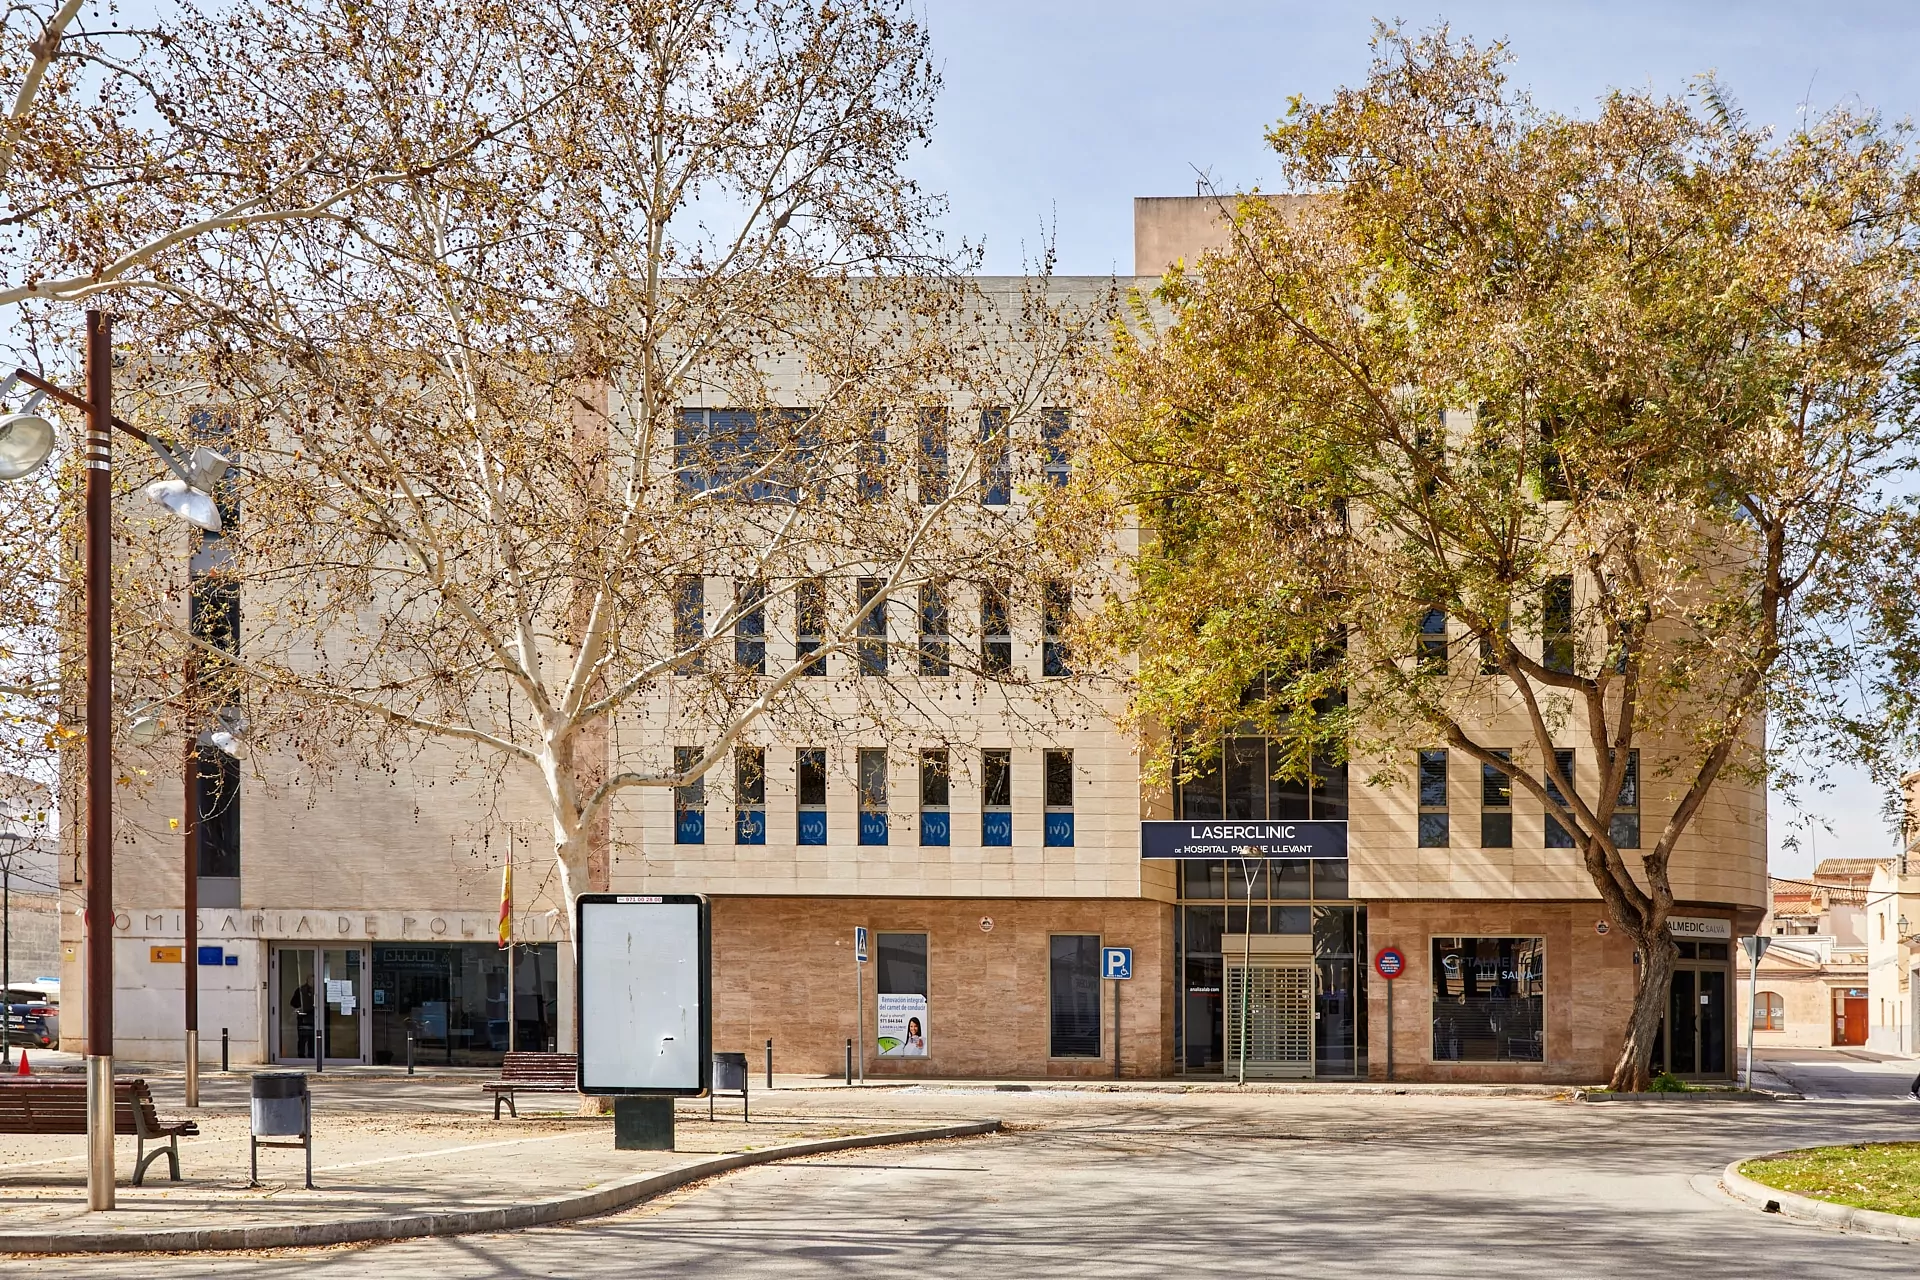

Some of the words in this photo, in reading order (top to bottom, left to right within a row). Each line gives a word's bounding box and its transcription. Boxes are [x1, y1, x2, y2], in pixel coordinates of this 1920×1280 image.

[1191, 826, 1296, 839] LASERCLINIC
[1184, 845, 1228, 853] HOSPITAL
[1231, 845, 1269, 854] PAE
[1271, 845, 1313, 853] LLEVANT
[112, 914, 313, 933] OMISARIA
[338, 916, 377, 935] DE
[403, 917, 566, 936] POLIIA
[1666, 920, 1705, 933] ALMEDIC
[1705, 924, 1725, 934] SALVÀ
[1108, 951, 1125, 975] P
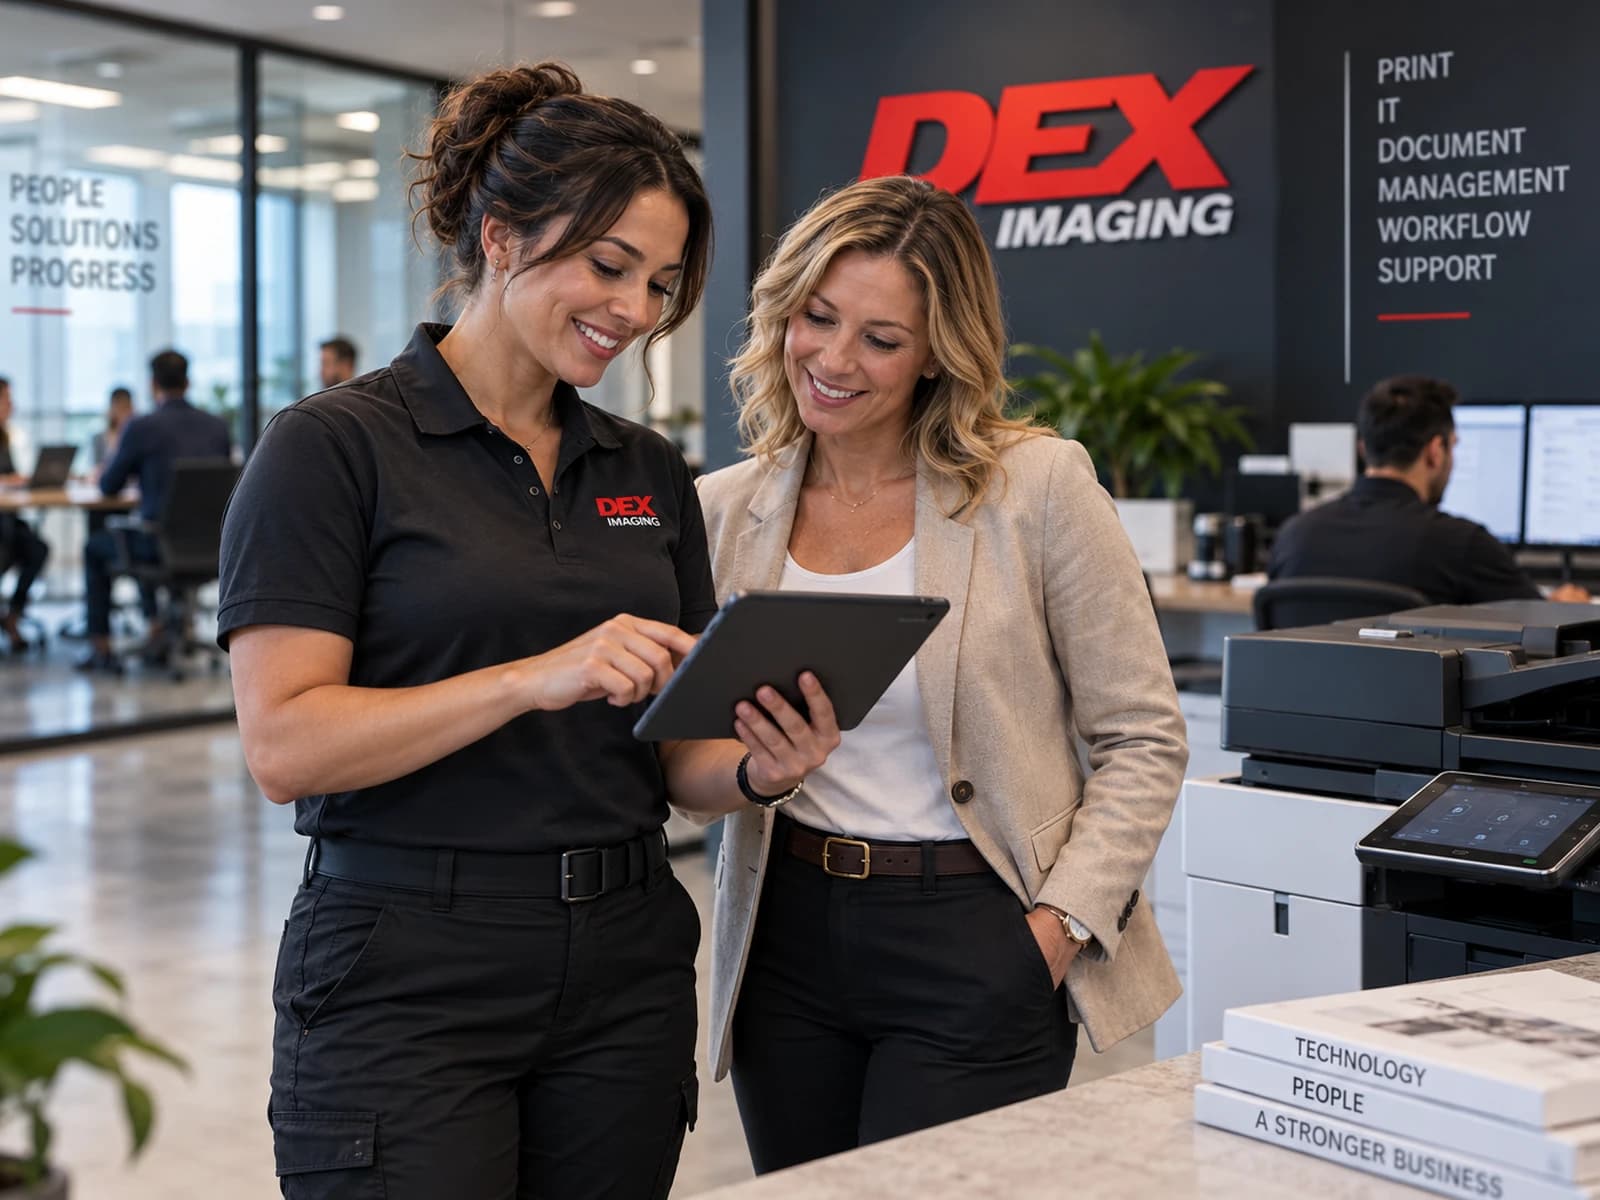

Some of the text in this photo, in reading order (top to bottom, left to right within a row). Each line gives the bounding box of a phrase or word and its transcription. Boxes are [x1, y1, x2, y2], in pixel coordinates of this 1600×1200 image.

****

Using the material above, retype each entry exactly and omit the pictures.

Some of the words in this photo, in reading order (top to bottom, left to right within a row). Each line gives a word's bounding box and its transcription. Boxes are [x1, y1, x2, y2], in pixel coordinates of this 1920×1280 image.

[1191, 826, 1296, 839] LASERCLINIC
[1184, 845, 1228, 853] HOSPITAL
[1231, 845, 1269, 854] PAE
[1271, 845, 1313, 853] LLEVANT
[112, 914, 313, 933] OMISARIA
[338, 916, 377, 935] DE
[403, 917, 566, 936] POLIIA
[1666, 920, 1705, 933] ALMEDIC
[1705, 924, 1725, 934] SALVÀ
[1108, 951, 1125, 975] P

Some of the text in this photo, in reading order (top to bottom, left to right within a row). Each line gives the bounding box of a phrase or word and its transcription. Boxes are [x1, y1, x2, y2], in pixel coordinates of this 1600×1200 image.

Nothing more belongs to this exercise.